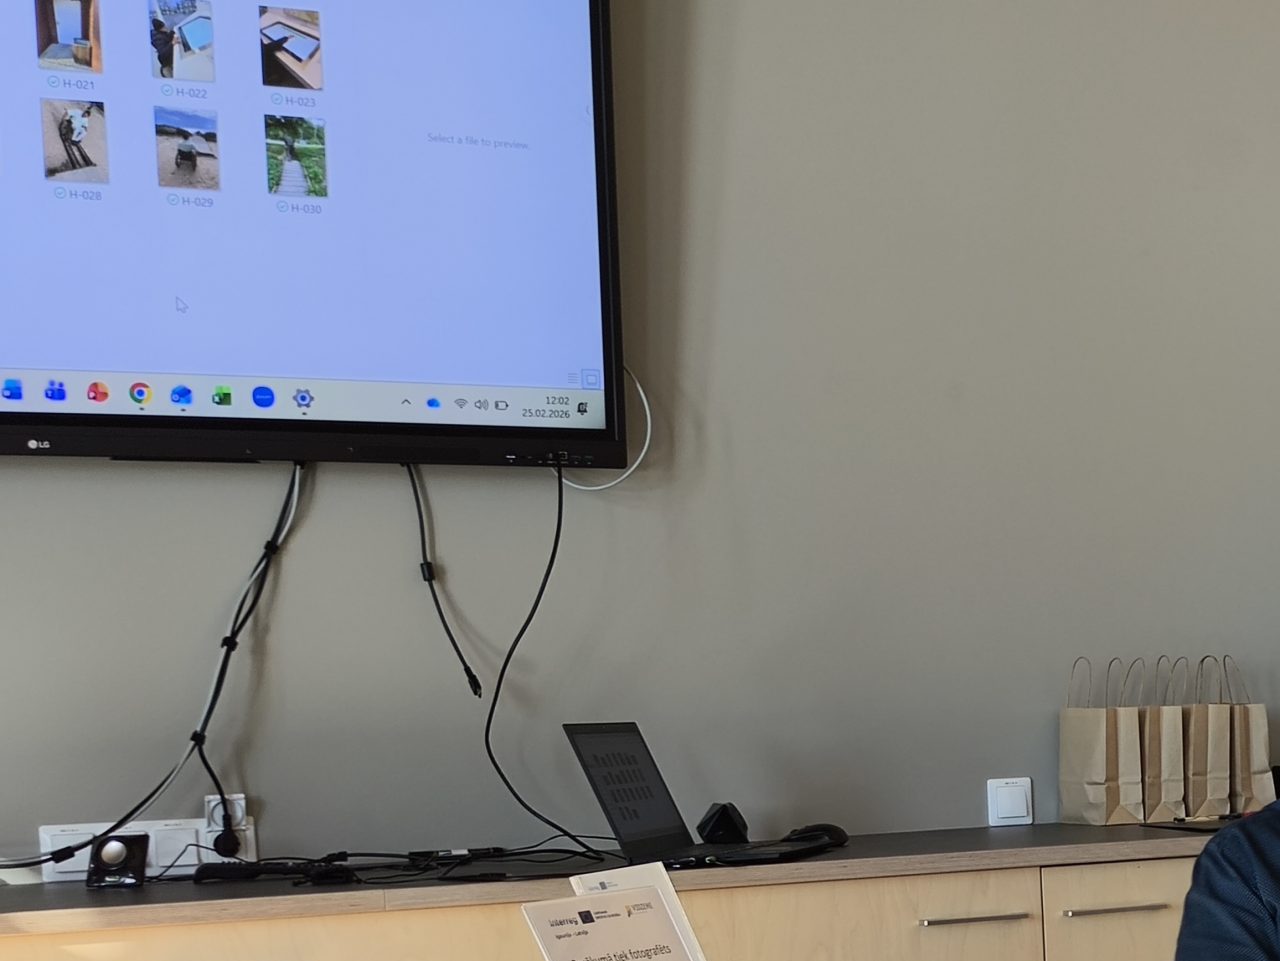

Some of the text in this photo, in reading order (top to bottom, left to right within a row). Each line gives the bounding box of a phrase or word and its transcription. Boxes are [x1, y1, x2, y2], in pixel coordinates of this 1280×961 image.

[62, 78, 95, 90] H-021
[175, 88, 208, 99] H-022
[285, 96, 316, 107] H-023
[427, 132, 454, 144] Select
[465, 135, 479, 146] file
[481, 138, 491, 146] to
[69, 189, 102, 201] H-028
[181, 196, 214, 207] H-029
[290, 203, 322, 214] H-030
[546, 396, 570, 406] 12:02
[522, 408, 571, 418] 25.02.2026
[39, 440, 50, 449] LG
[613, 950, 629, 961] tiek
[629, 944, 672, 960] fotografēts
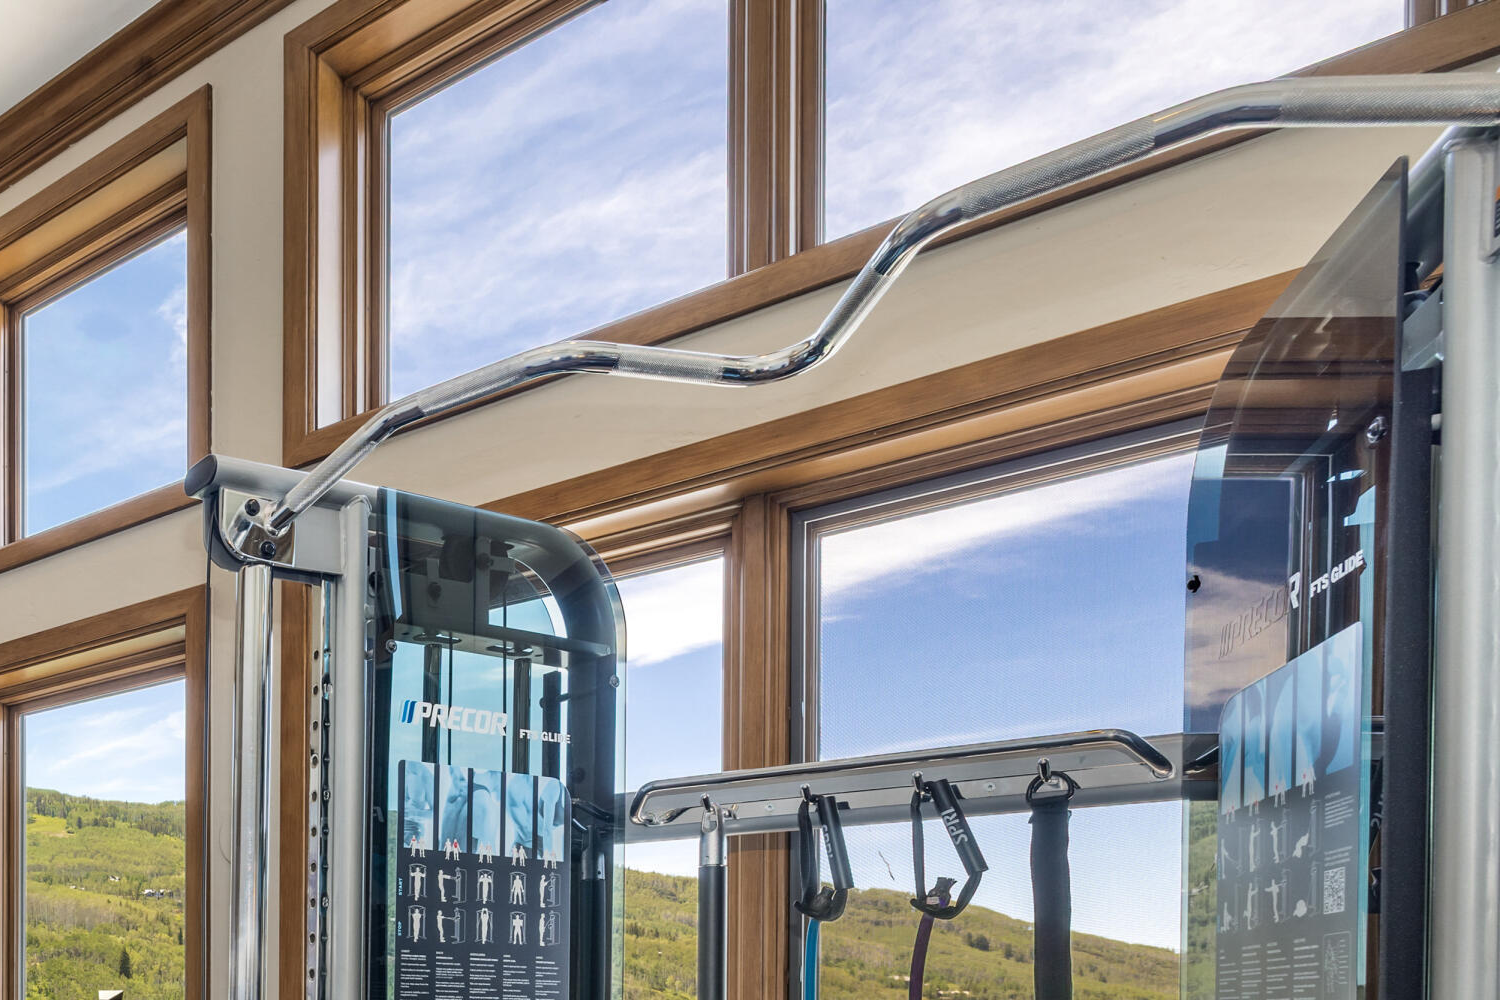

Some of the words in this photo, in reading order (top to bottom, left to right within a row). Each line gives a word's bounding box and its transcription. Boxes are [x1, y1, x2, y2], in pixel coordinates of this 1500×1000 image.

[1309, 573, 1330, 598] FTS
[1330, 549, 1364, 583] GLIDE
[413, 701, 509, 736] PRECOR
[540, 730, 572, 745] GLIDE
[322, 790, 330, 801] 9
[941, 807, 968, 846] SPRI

= = = = =

Work request:
Only these are to be transcribed: the line with "Some of the words" and every line after it through the last line of the entries, each exactly.

Task output:
Some of the words in this photo, in reading order (top to bottom, left to right within a row). Each line gives a word's bounding box and its transcription. Boxes are [x1, y1, x2, y2], in pixel coordinates of this 1500×1000 image.

[1309, 573, 1330, 598] FTS
[1330, 549, 1364, 583] GLIDE
[413, 701, 509, 736] PRECOR
[540, 730, 572, 745] GLIDE
[322, 790, 330, 801] 9
[941, 807, 968, 846] SPRI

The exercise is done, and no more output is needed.